Coming to another new area, which is a very important focus for us, which we're looking at is the segment of Ethnix and that's going to be a very important project for us going forward. And that is an area where we believe Raymond has a pretty strong right to win given the weddings, et cetera. And I think that is something we'll look forward also.
Yes. And you see, for us, what is critical, we have been following the omnichannel strategy, and that has really worked extremely well for us. And the other thing which we did is the merger of Raymond Apparel with the business of Raymond Apparel with Raymond Limited. So consolidating the B2C business under one Raymond Limited is going to augur very well. Similar strategies to be followed at the TRSs and the EBOs. So these things, as Sunil mentioned, will take the apparel business to the next height.
Okay. Got it. And my second question was on the Branded Textile business. This quarter has shown very good growth. But over a 3 to 4 year -- from a 3- to 4-year perspective, or 3- to 5-year perspective, typically, this segment would grow at about 7% to 8%. What can be done? And how is the company working towards it to really grow it at, say, in low double digits? Is there a scope to grow it at low double digits? Or it's very well penetrated? Because even here you make very strong margins, great cash flow business, but -- I mean, so what is the -- what should be the growth trajectory that one should look at?
Yes. No, I mean this is very interesting. The Branded Textile is absolutely the strength of Raymond Group and it includes the suitings as well as the shirting. We are, by far -- suitings, no doubt, in the worst case, you own 65% market share.
In the shirtings, again, in terms of the branded, you are the #1 player. However, we see a great opportunity in the shirting because if we talk about we have seen that we can grow the shirting business exponentially over the next 3 to 4 years as we are getting more and more wholesalers onboarded with us.

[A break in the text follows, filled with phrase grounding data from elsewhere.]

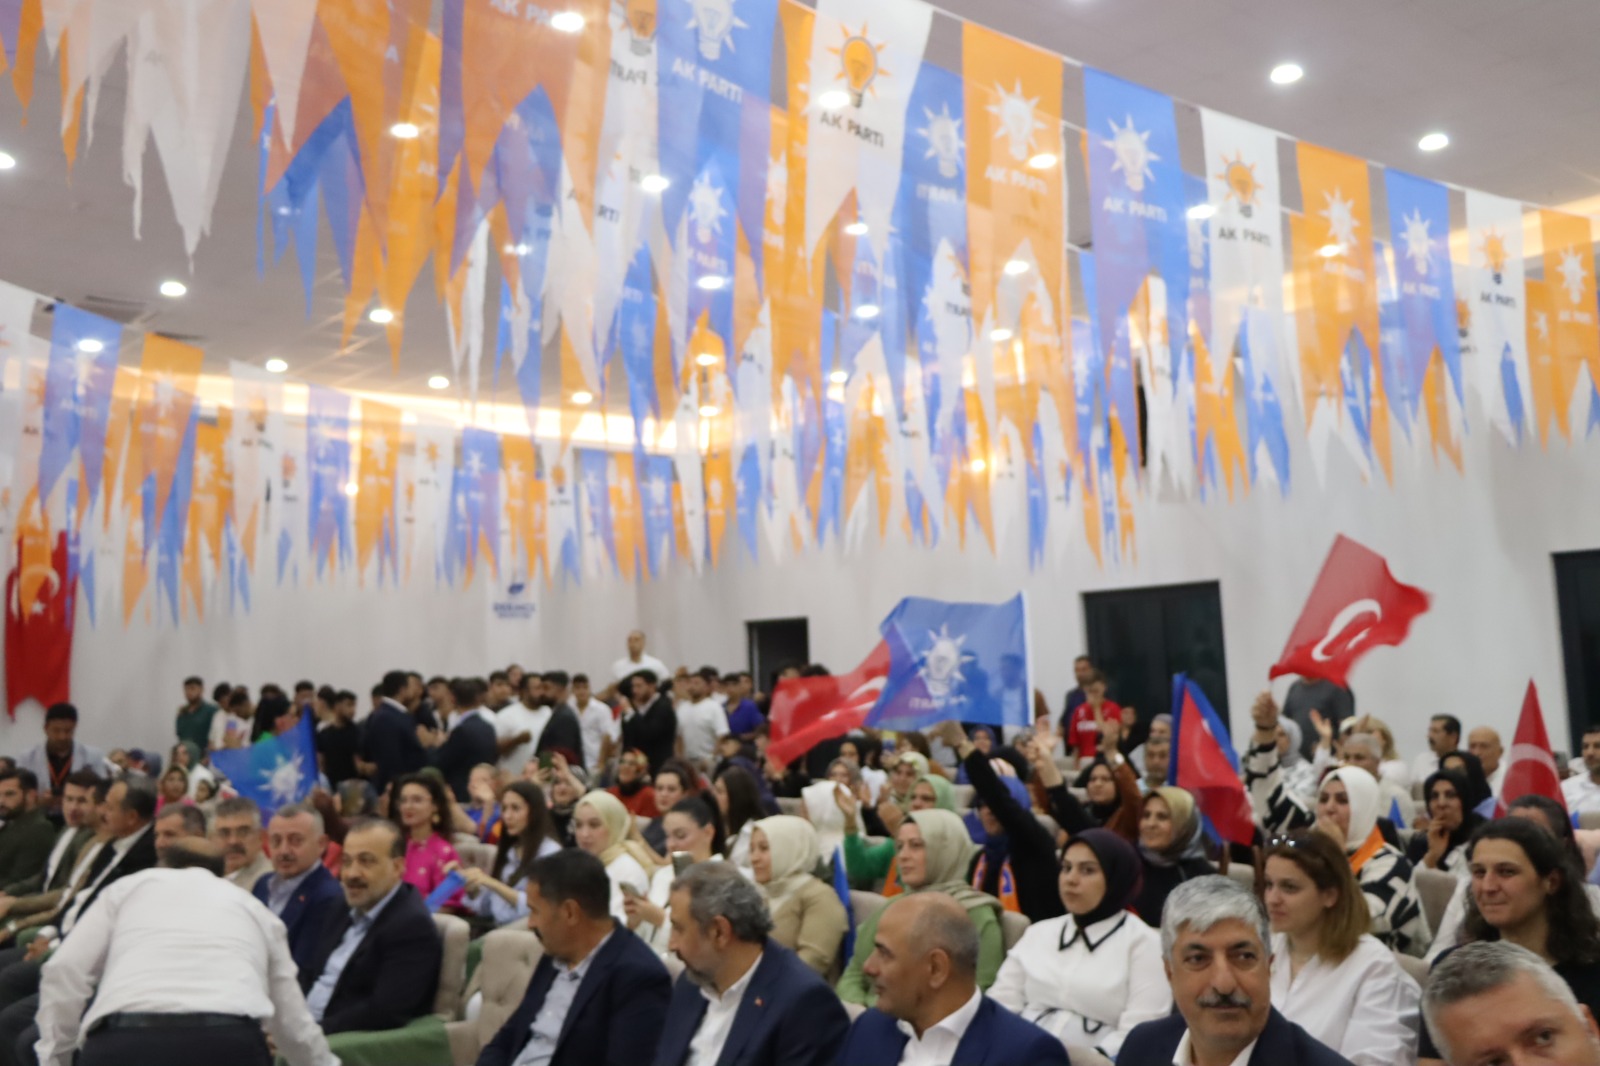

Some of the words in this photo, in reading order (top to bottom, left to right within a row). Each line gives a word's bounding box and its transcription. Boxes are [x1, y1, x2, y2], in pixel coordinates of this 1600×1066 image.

[672, 57, 696, 81] AK
[819, 112, 843, 130] AK
[985, 165, 1008, 185] AK
[1103, 196, 1125, 214] AK
[1218, 226, 1238, 242] AK
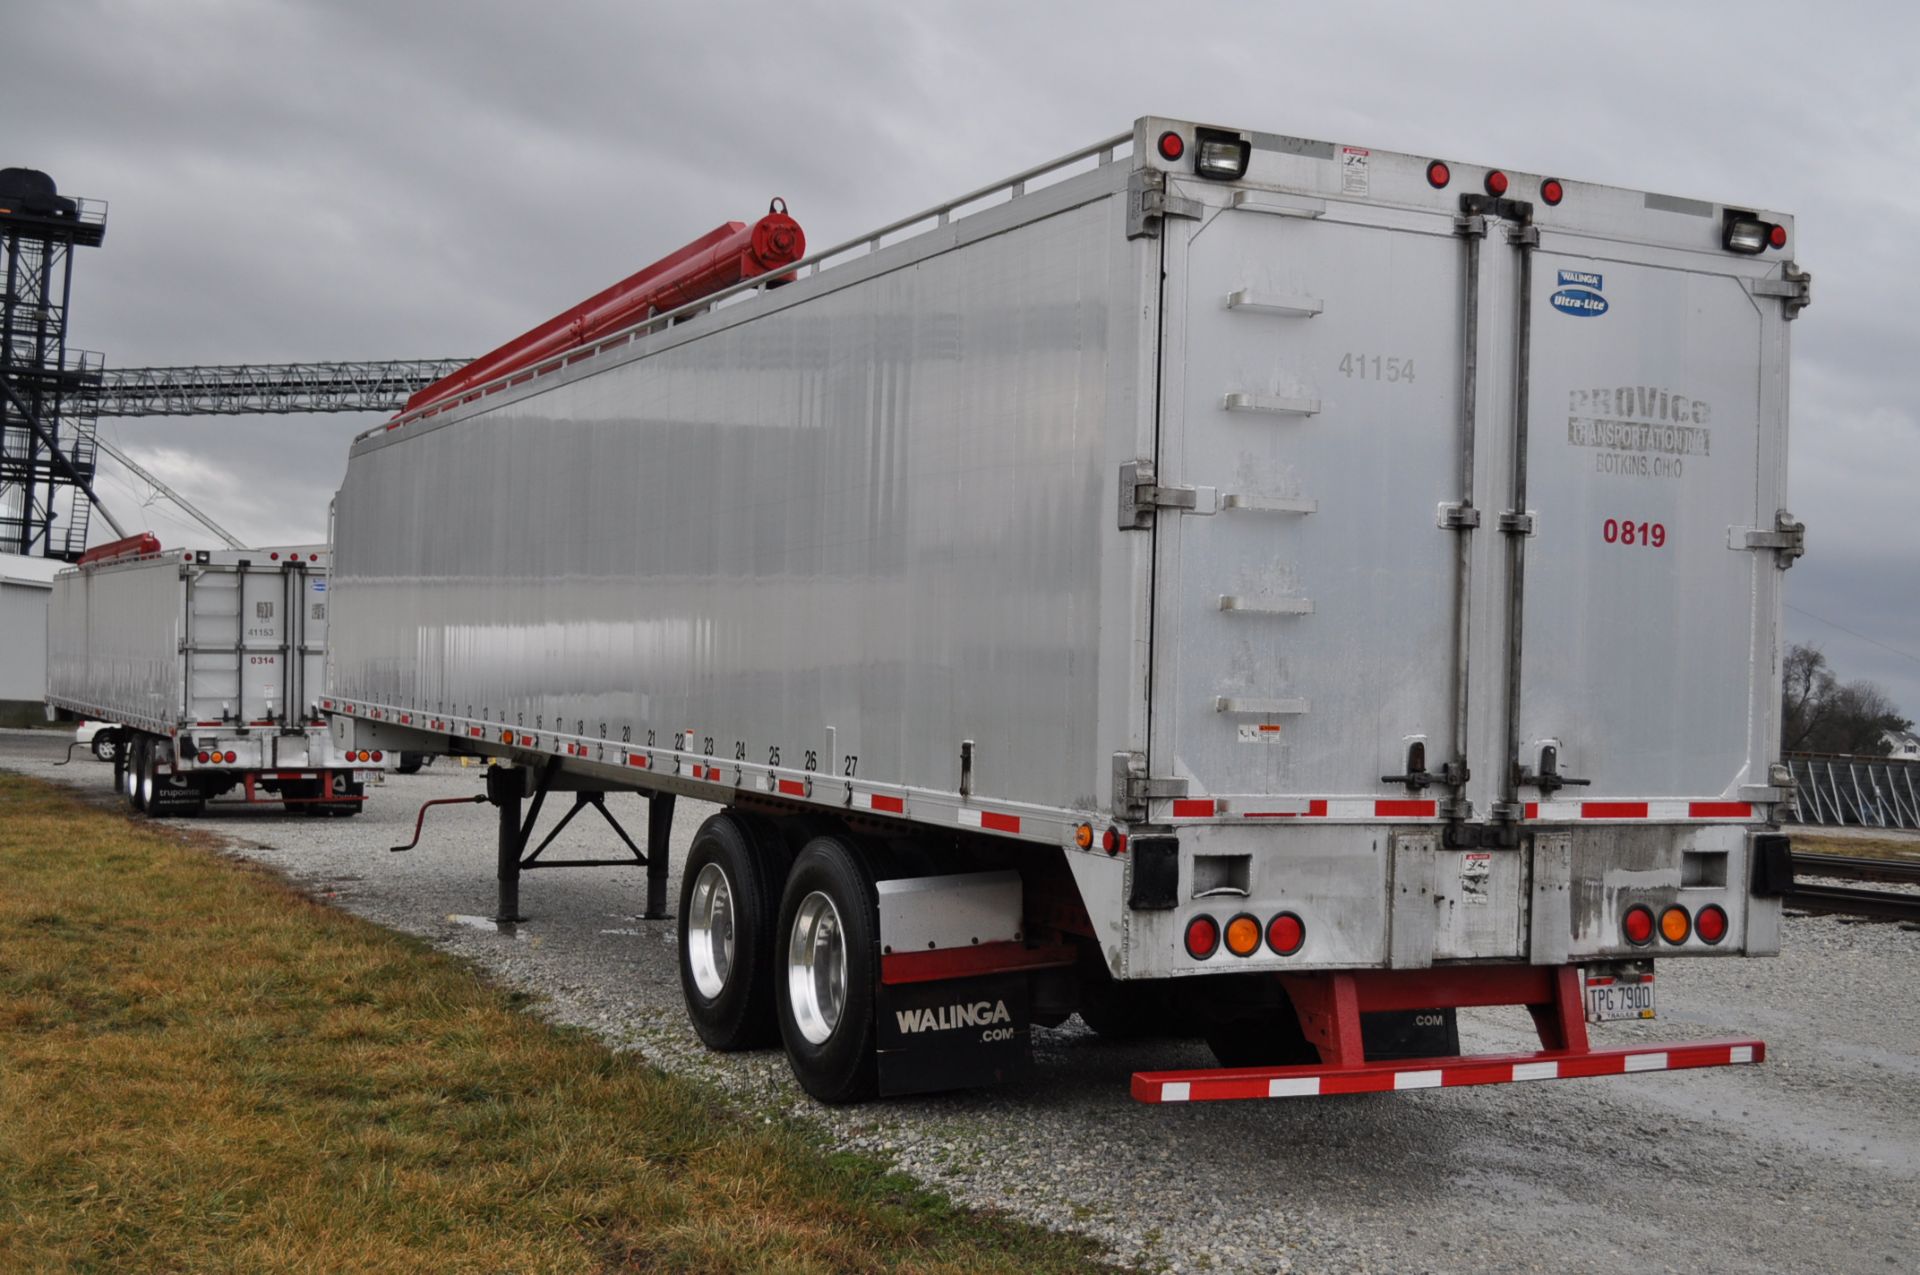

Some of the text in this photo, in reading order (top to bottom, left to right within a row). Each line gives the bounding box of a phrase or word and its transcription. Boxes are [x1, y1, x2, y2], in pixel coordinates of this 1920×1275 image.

[1562, 271, 1600, 284] WALINGA
[1554, 295, 1605, 311] Ultra-Lite
[1338, 352, 1416, 384] 41154
[1571, 422, 1682, 453] TRANSPORTATION
[1653, 457, 1683, 479] OHIO
[1603, 518, 1666, 548] 0819
[250, 656, 275, 665] 0314
[622, 725, 631, 743] 20
[647, 729, 656, 748] 21
[675, 733, 685, 751] 22
[704, 737, 714, 756] 23
[735, 740, 746, 761] 24
[768, 745, 780, 767] 25
[805, 749, 817, 772] 26
[844, 754, 858, 777] 27
[1589, 988, 1614, 1012] TPG
[895, 1000, 1011, 1034] WALINGA

And we are bringing new collections, as I talked about in my script, the Vibez, which connects to the youth. So these are some of the things which we are doing, and we see a good opportunity in terms of growth for our shirting business, which will enable us to get into a double-digit growth. And Sunil?

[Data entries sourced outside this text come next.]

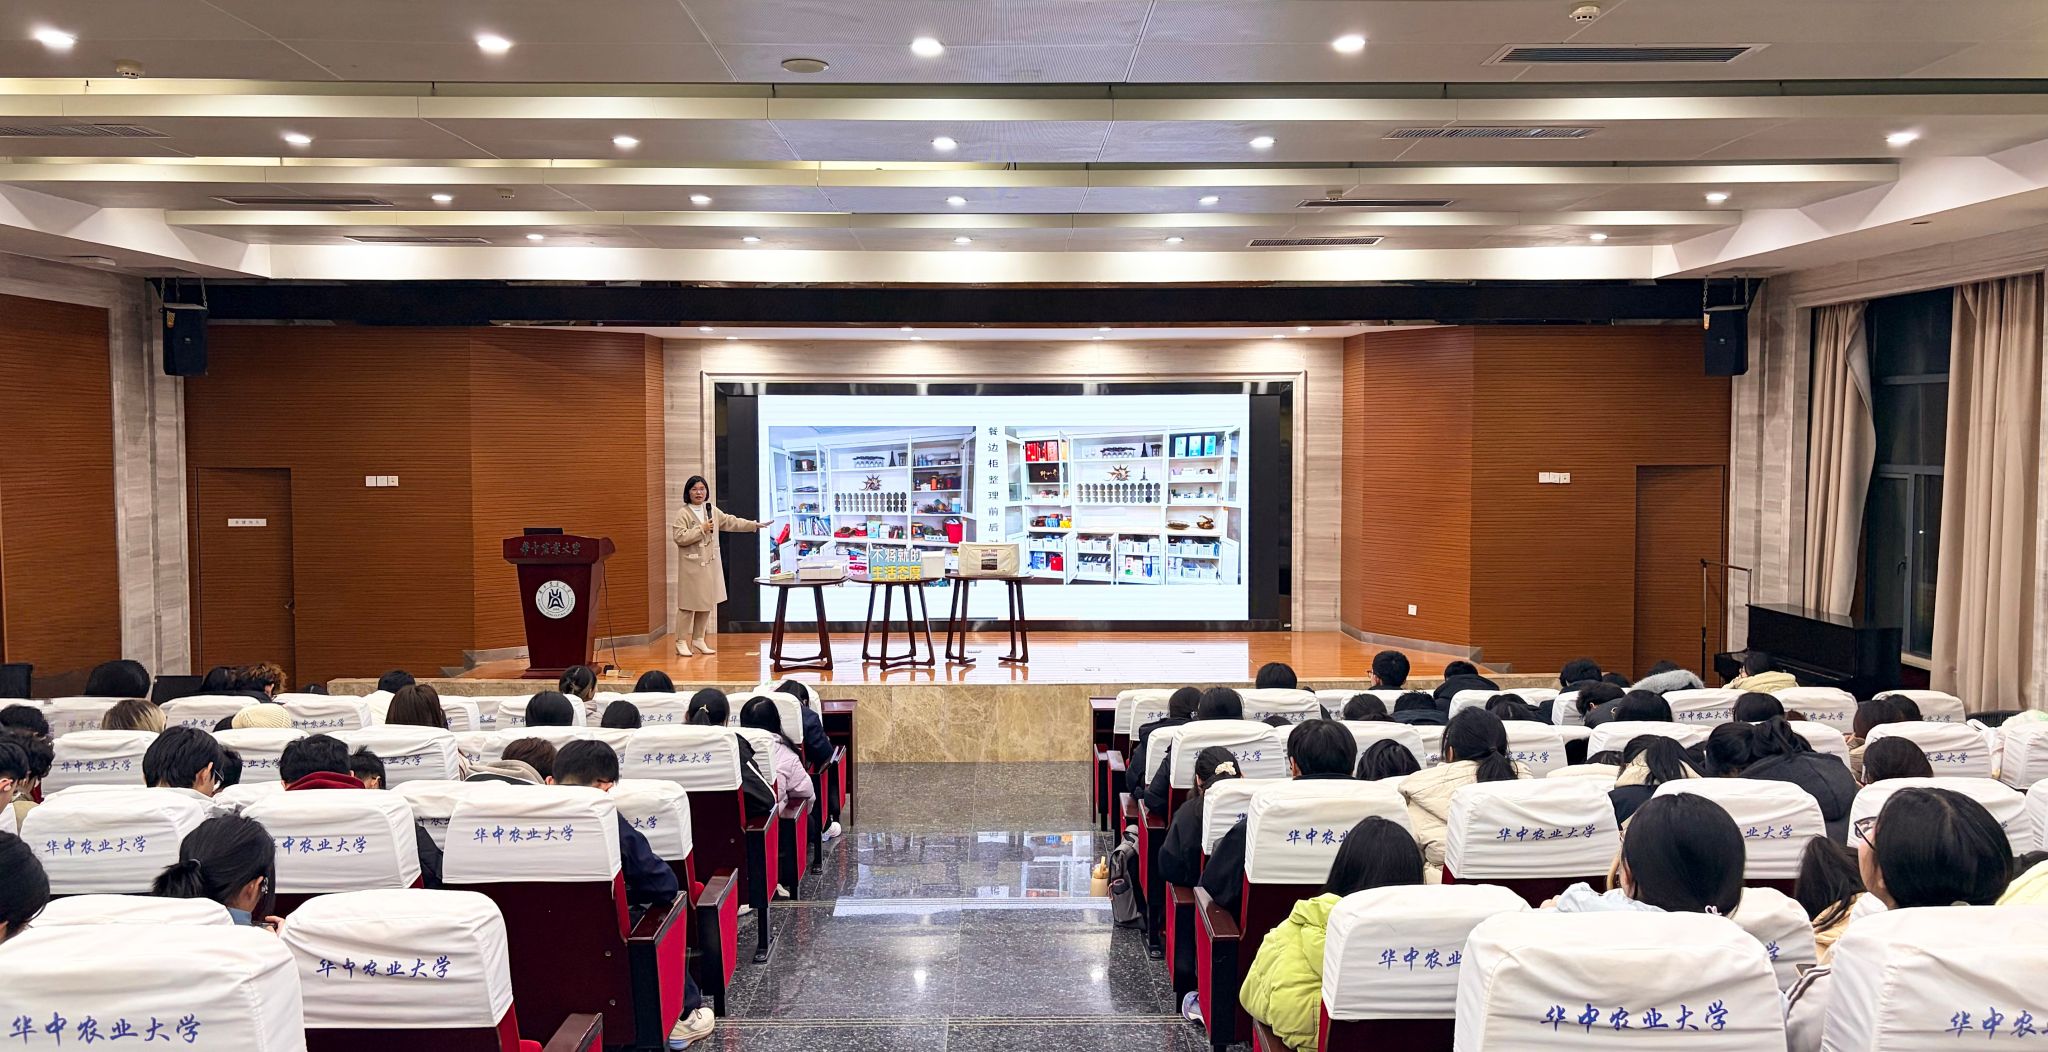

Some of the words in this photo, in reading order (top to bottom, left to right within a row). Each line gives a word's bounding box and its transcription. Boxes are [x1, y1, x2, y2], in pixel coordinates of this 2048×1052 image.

[988, 427, 999, 543] 餐边柜整理前后
[871, 549, 922, 563] 不将就的
[182, 718, 217, 728] 华中农业
[640, 713, 673, 723] 农业大学
[1802, 711, 1845, 721] 农业大学
[61, 758, 132, 773] 华中农业大学
[642, 752, 713, 765] 华中农业大学
[1505, 751, 1551, 764] 农业大学
[1925, 752, 1968, 764] 农业大学
[473, 824, 574, 844] 华中农业大学
[1496, 823, 1596, 843] 华中农业大学
[1744, 824, 1793, 840] 业大学
[45, 835, 147, 856] 华中农业大学
[275, 835, 368, 855] 中农业大学
[316, 954, 452, 979] 华中农业大学
[1378, 945, 1462, 971] 华中农业
[1540, 999, 1729, 1034] 华中农业大学
[1944, 1006, 2048, 1040] 华中农
[9, 1011, 202, 1046] 华中农业大学

Yes. I think what Amit has said is pretty much bang on. I think shirting as I spoke -- as Amit has said without expanding for the huge headroom to grow for us. I think the market itself is huge and our brand has a huge equity, and I think we can gain a lot of market share there.
On suiting business, there's one perspective, which I would be looking forward is, I think given that even though we have 60% market share, we have seen as a very premium brand. And I think there is still scope for us to maybe push together -- forward a greater premiumization of the suiting business. And that, I think, could be a very interesting lever going forward for us.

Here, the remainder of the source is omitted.